▶ **WORK REQUIRED**
Each entry that follows is to be duplicated exactly, without its images.

▶ **STORED DATA**
____________

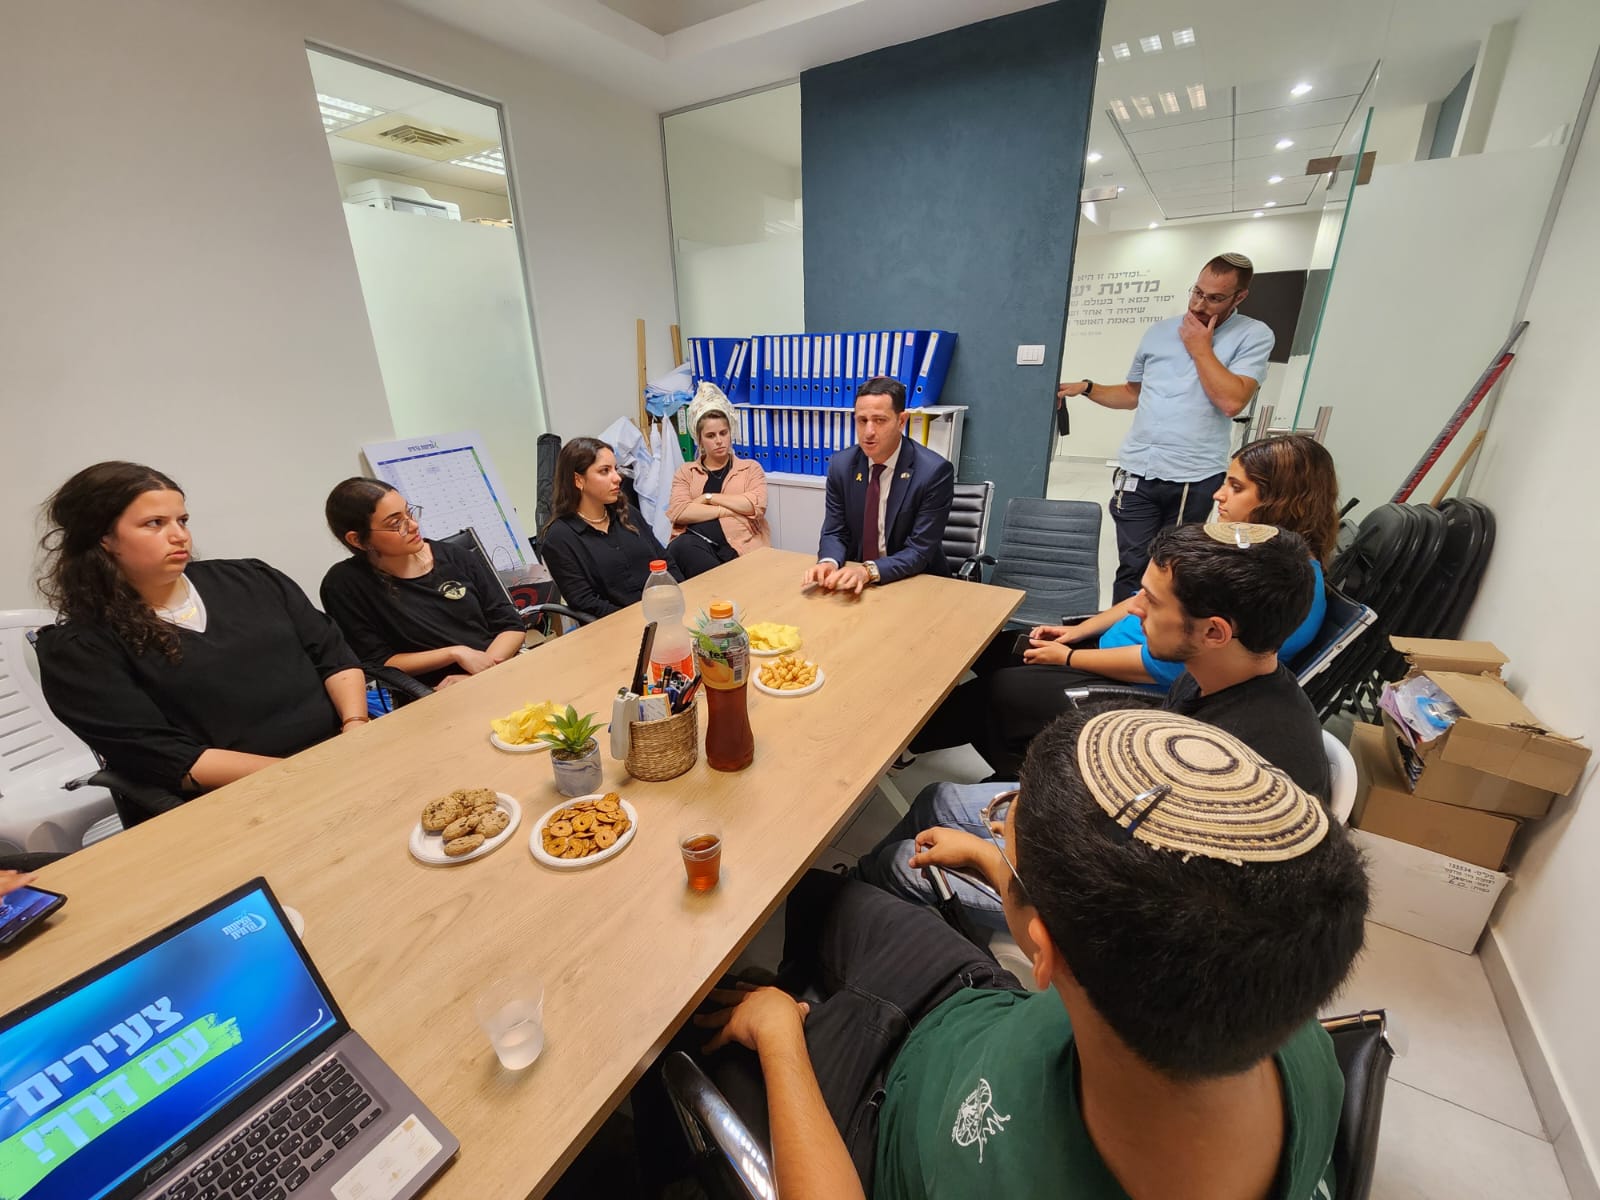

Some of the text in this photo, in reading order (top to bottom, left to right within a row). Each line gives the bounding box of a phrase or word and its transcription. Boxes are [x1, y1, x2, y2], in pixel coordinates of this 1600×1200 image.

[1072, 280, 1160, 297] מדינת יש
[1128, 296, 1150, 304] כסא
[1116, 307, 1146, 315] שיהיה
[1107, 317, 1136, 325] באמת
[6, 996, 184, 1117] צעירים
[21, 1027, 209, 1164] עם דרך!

____________

▶ **SOLUTION TO THIS EXERCISE**
Some of the text in this photo, in reading order (top to bottom, left to right within a row). Each line gives the bounding box of a phrase or word and its transcription. Boxes are [x1, y1, x2, y2], in pixel coordinates of this 1600×1200 image.

[1072, 280, 1160, 297] מדינת יש
[1128, 296, 1150, 304] כסא
[1116, 307, 1146, 315] שיהיה
[1107, 317, 1136, 325] באמת
[6, 996, 184, 1117] צעירים
[21, 1027, 209, 1164] עם דרך!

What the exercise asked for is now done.